■ **WHAT IS REQUIRED**:
This exercise asks for an exact copy of every entry below, with pictures omitted.
====== THE DATA ======
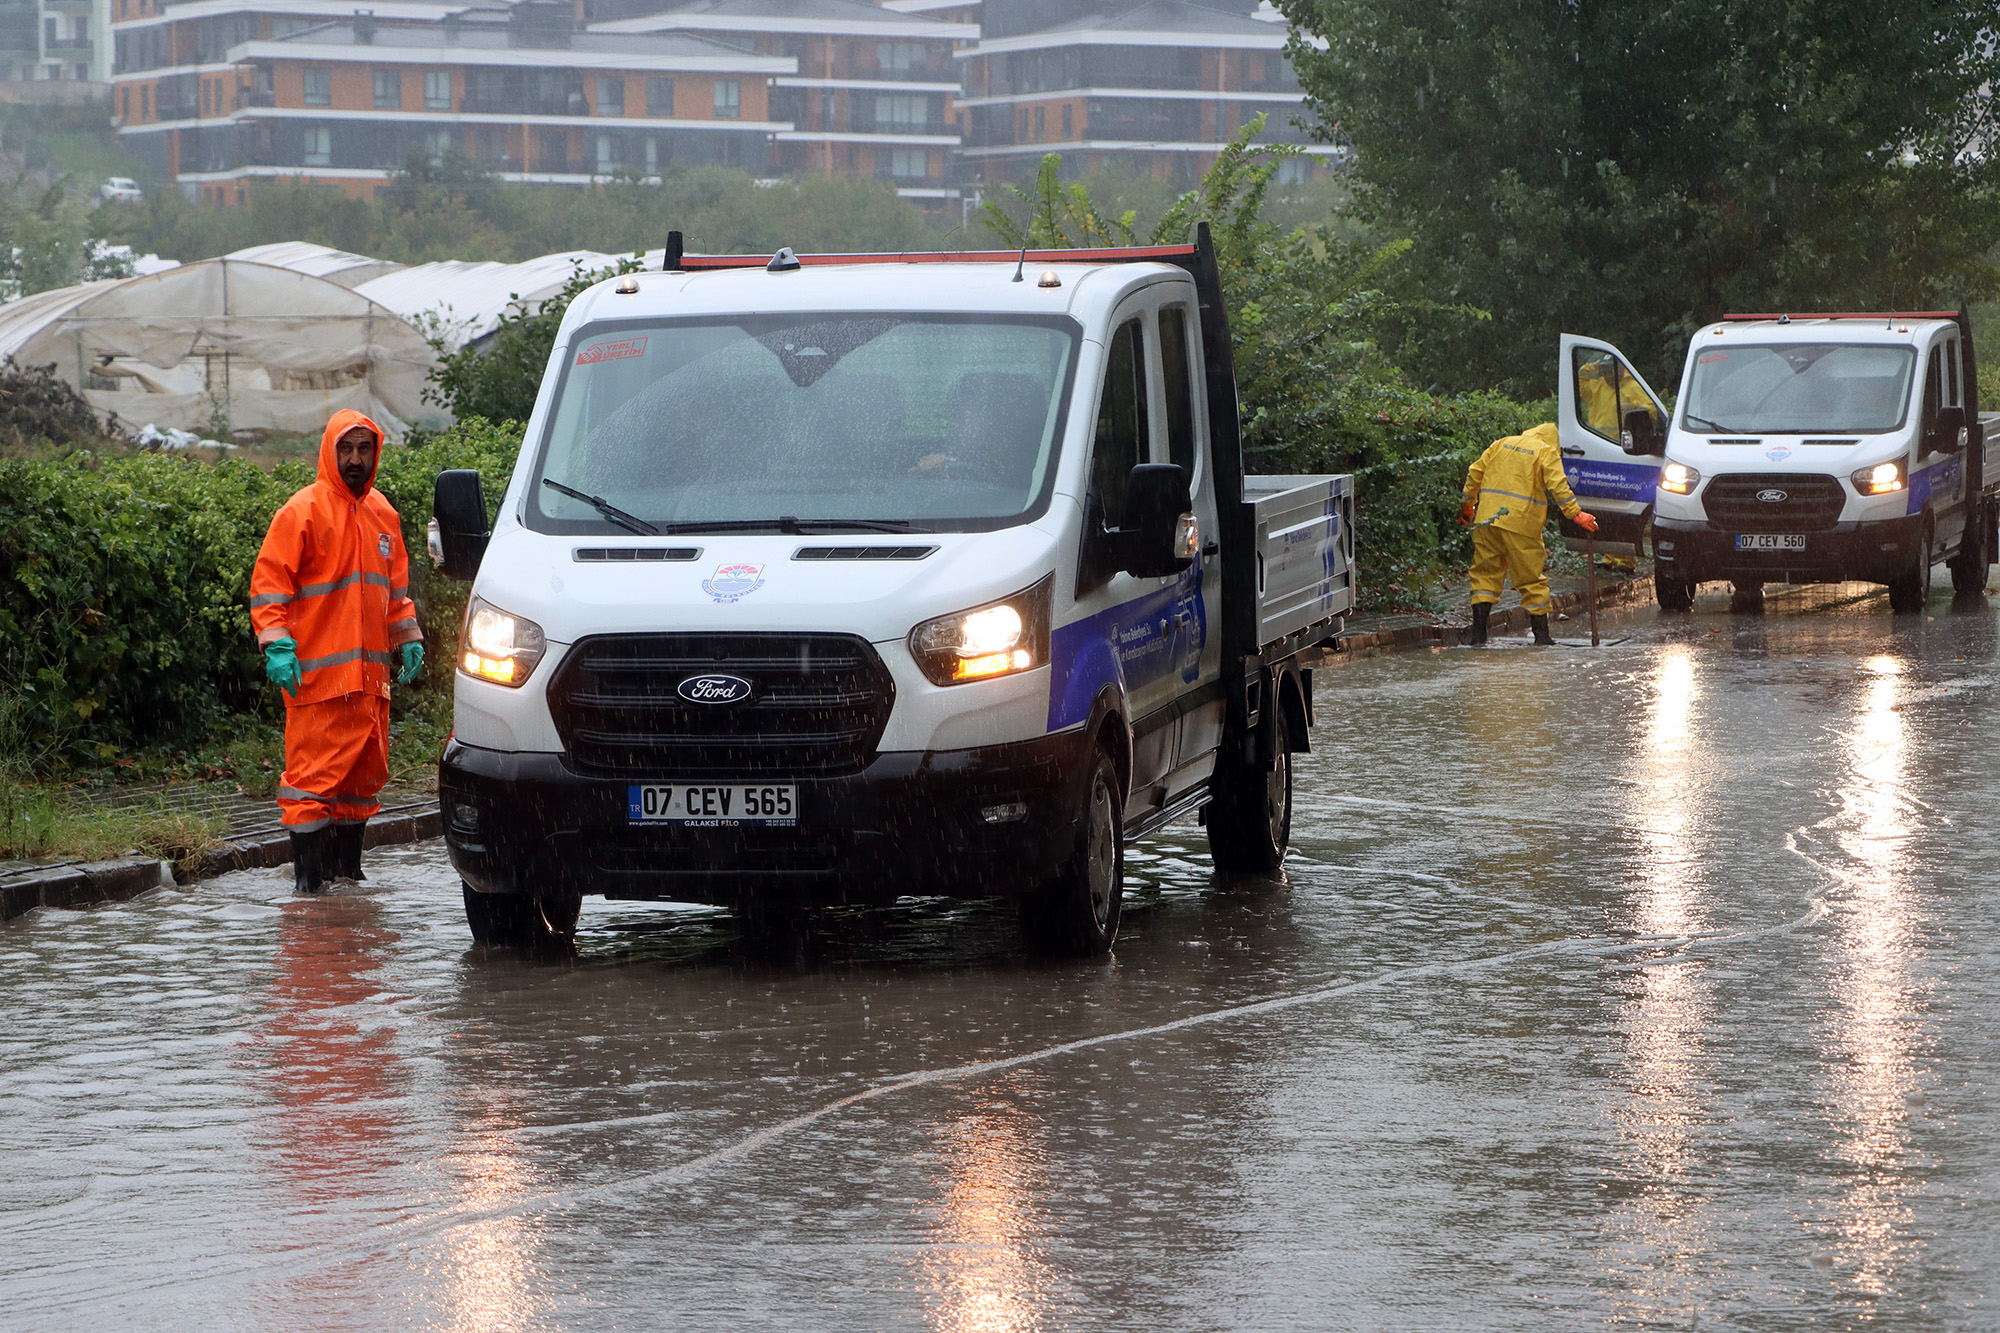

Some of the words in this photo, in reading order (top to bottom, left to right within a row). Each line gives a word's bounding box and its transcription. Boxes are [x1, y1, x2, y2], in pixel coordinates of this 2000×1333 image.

[606, 341, 635, 351] YERLİ
[603, 348, 641, 358] ÜRETİM
[1596, 472, 1620, 481] Belediyesi
[1620, 474, 1627, 482] Su
[1762, 491, 1782, 500] Ford
[1741, 535, 1755, 548] 07
[1758, 535, 1779, 548] CEV
[1784, 535, 1804, 548] 560
[691, 679, 737, 698] Ford
[630, 804, 641, 812] TR
[643, 788, 673, 815] 07
[686, 788, 732, 815] CEV
[744, 788, 791, 815] 565
[684, 819, 719, 827] GALAKSİ
[720, 819, 740, 827] FİLO
======
■ **RESULT OF THE TASK**:
Some of the words in this photo, in reading order (top to bottom, left to right within a row). Each line gives a word's bounding box and its transcription. Boxes are [x1, y1, x2, y2], in pixel coordinates of this 2000×1333 image.

[606, 341, 635, 351] YERLİ
[603, 348, 641, 358] ÜRETİM
[1596, 472, 1620, 481] Belediyesi
[1620, 474, 1627, 482] Su
[1762, 491, 1782, 500] Ford
[1741, 535, 1755, 548] 07
[1758, 535, 1779, 548] CEV
[1784, 535, 1804, 548] 560
[691, 679, 737, 698] Ford
[630, 804, 641, 812] TR
[643, 788, 673, 815] 07
[686, 788, 732, 815] CEV
[744, 788, 791, 815] 565
[684, 819, 719, 827] GALAKSİ
[720, 819, 740, 827] FİLO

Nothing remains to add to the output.